§ YOUR GOAL:
Reproduce the entire listing exactly. Leave the pictures out.

§ DATA SECTION:
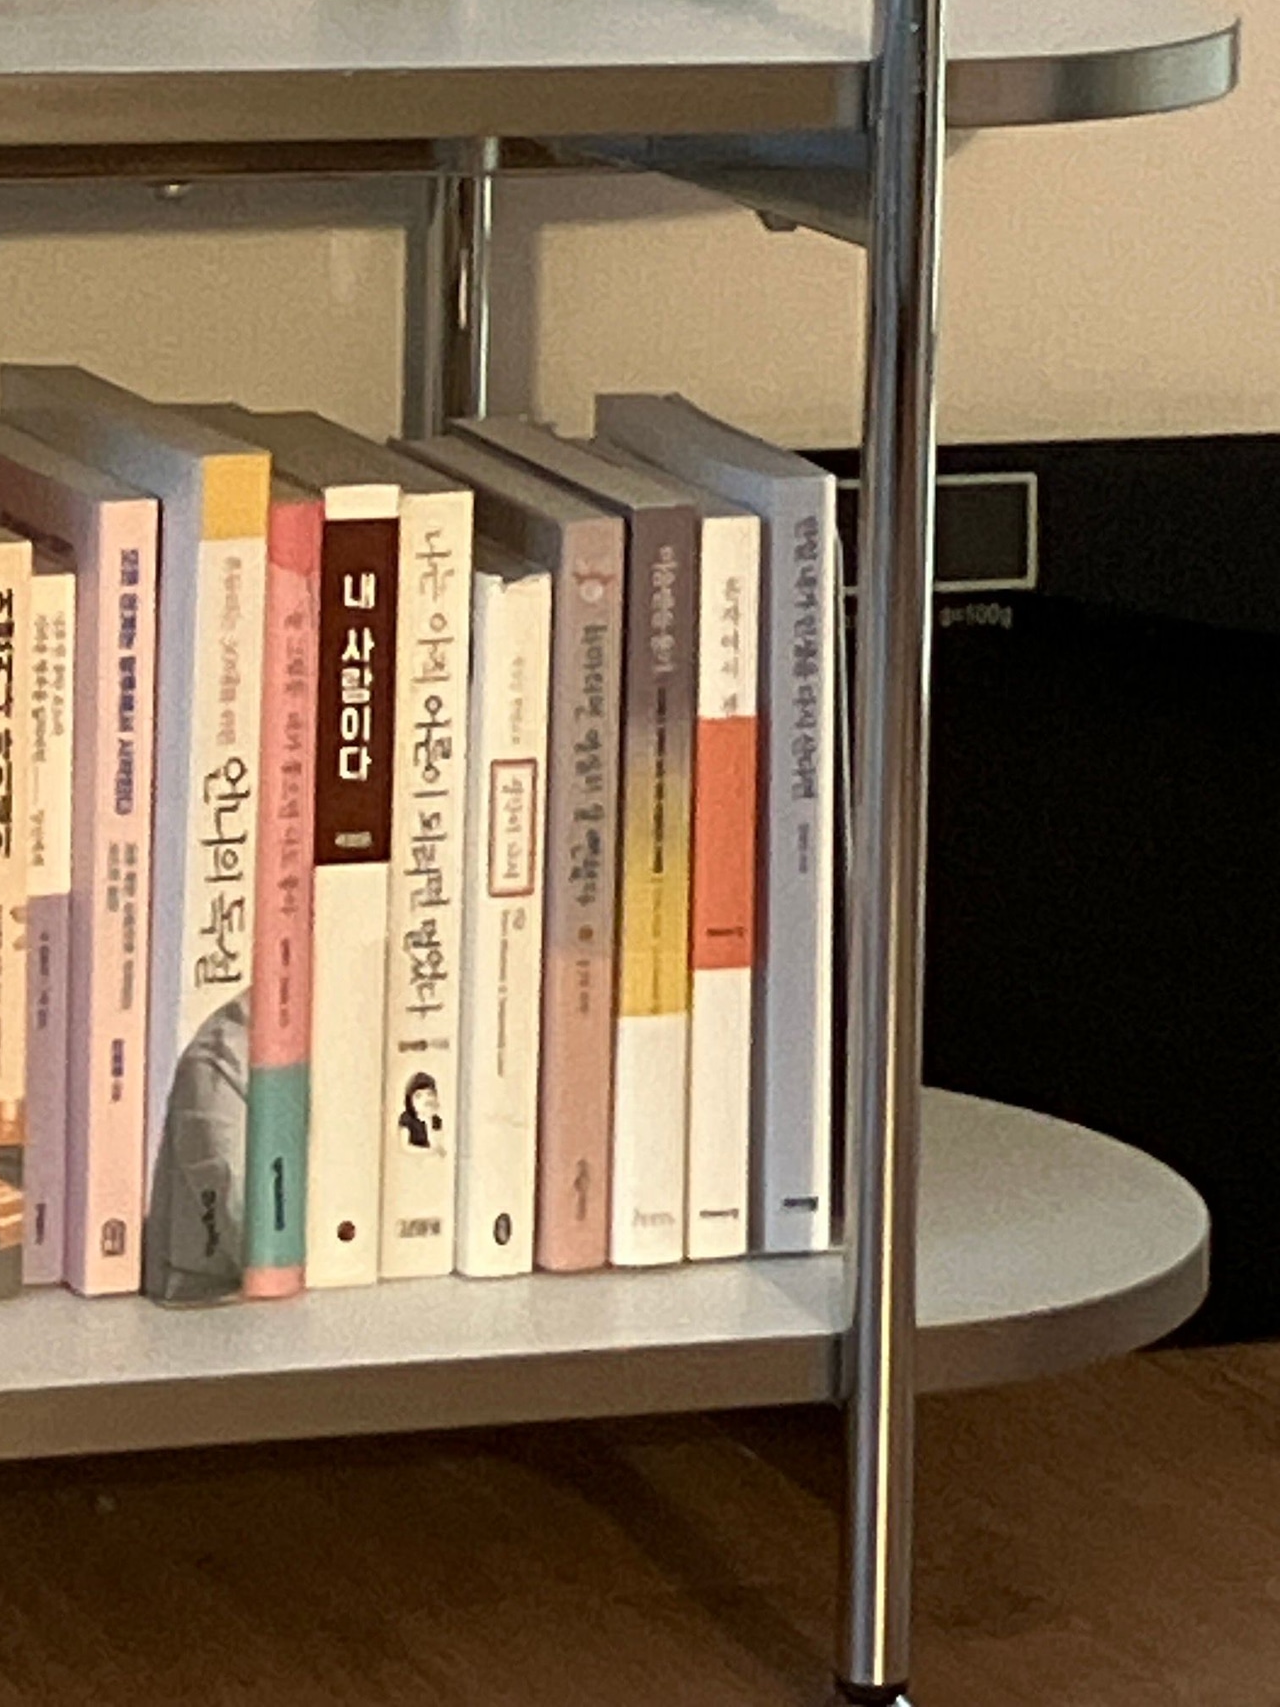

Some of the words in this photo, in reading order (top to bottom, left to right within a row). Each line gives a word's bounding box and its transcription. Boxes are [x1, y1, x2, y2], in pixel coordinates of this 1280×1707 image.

[343, 572, 377, 610] 내
[412, 526, 456, 603] 나는
[410, 612, 456, 686] 아직
[338, 626, 376, 782] 사람이다
[412, 695, 455, 798] 어른이
[200, 756, 253, 884] 언니의
[403, 811, 452, 912] 되려면
[195, 891, 247, 988] 독설
[402, 918, 450, 1019] 멀었다
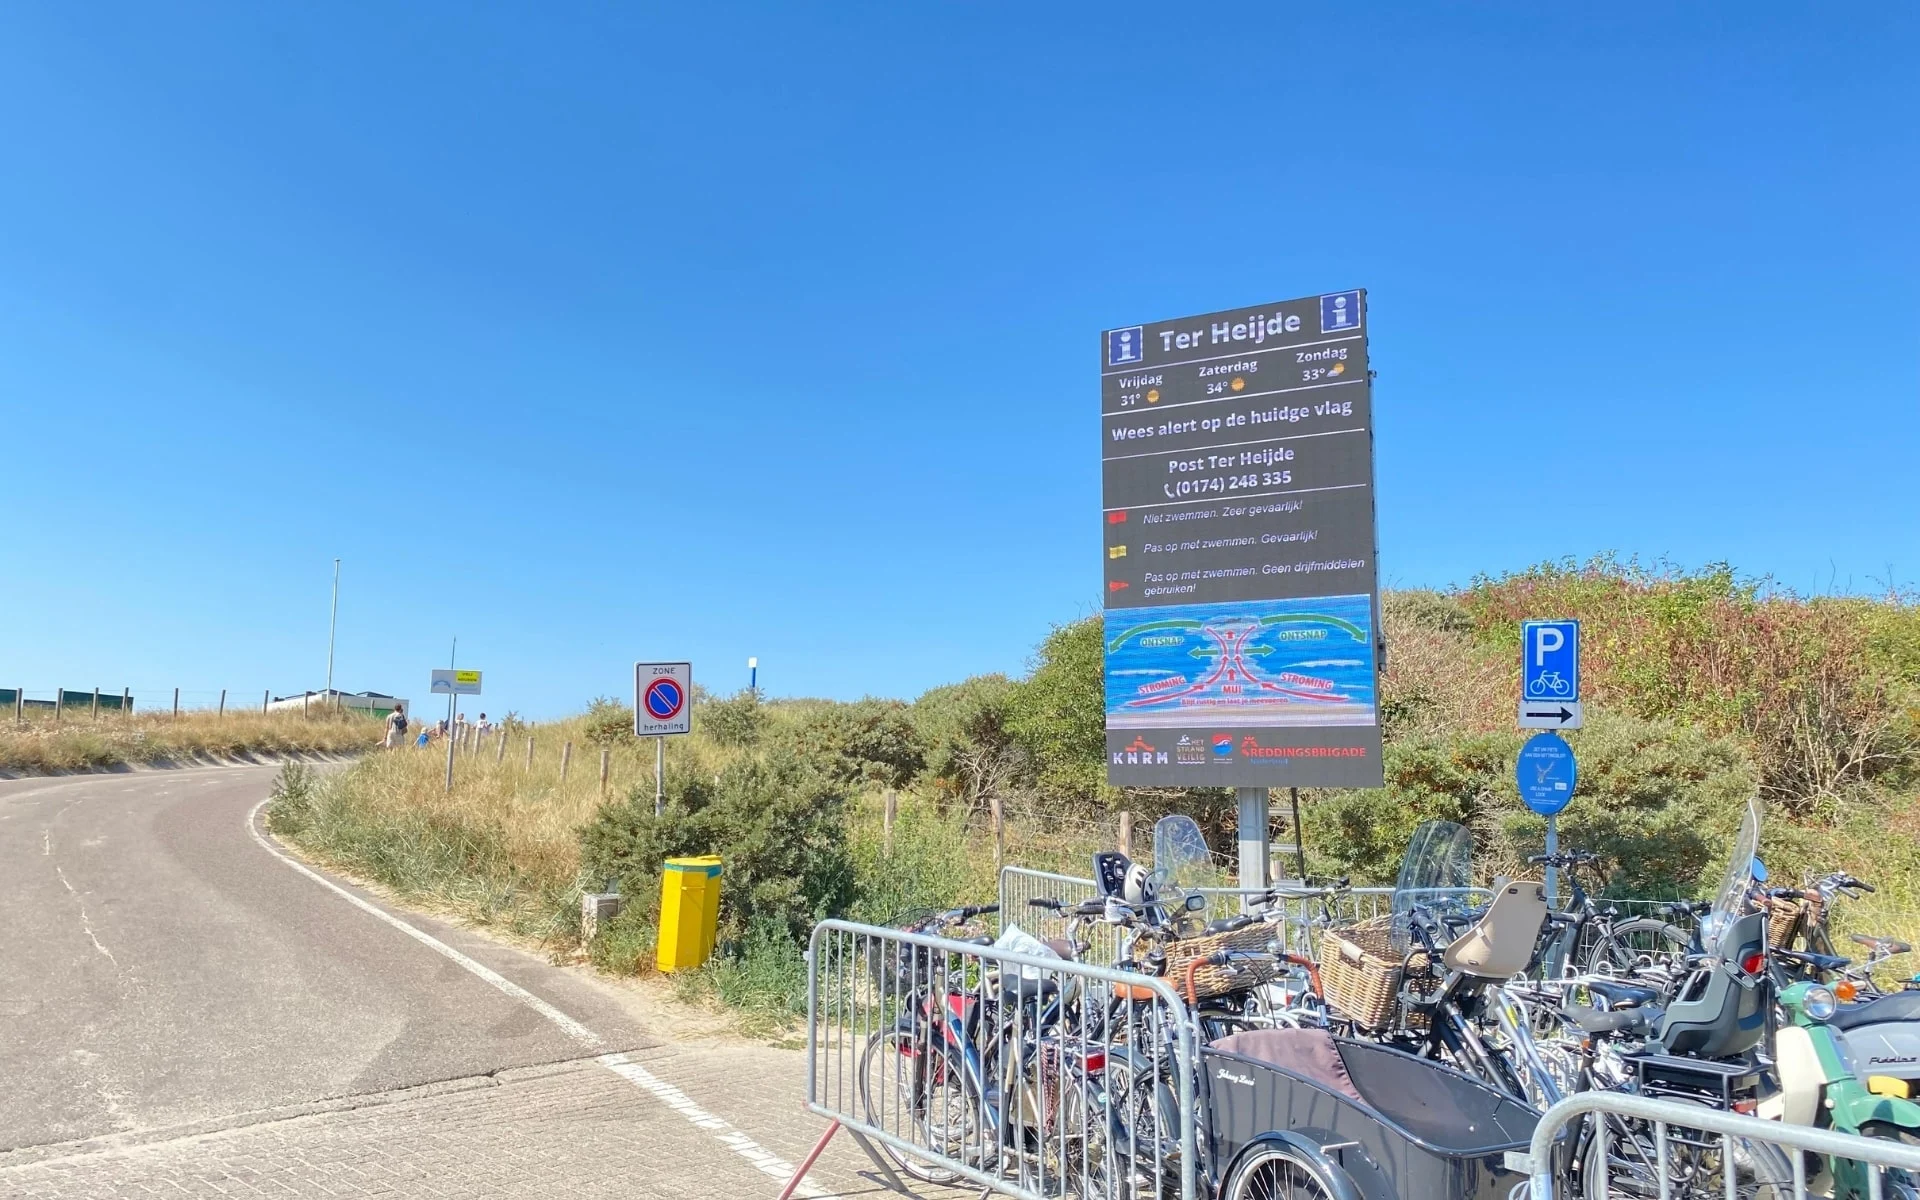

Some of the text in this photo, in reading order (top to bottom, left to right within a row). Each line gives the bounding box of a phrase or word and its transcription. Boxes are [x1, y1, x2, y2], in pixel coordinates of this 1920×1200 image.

§ RESPONSE TO THIS EXERCISE:
Some of the words in this photo, in reading order (top to bottom, left to right within a row). Each line gives a word's bounding box and its transcription. Boxes are [x1, y1, x2, y2], in pixel coordinates of this 1280×1707 image.

[343, 572, 377, 610] 내
[412, 526, 456, 603] 나는
[410, 612, 456, 686] 아직
[338, 626, 376, 782] 사람이다
[412, 695, 455, 798] 어른이
[200, 756, 253, 884] 언니의
[403, 811, 452, 912] 되려면
[195, 891, 247, 988] 독설
[402, 918, 450, 1019] 멀었다

Some of the text in this photo, in reading order (top to bottom, left to right within a row). Each line gives the bounding box of a phrase or word and its transcription. Boxes are [x1, y1, x2, y2], in pixel coordinates of this 1920×1200 image.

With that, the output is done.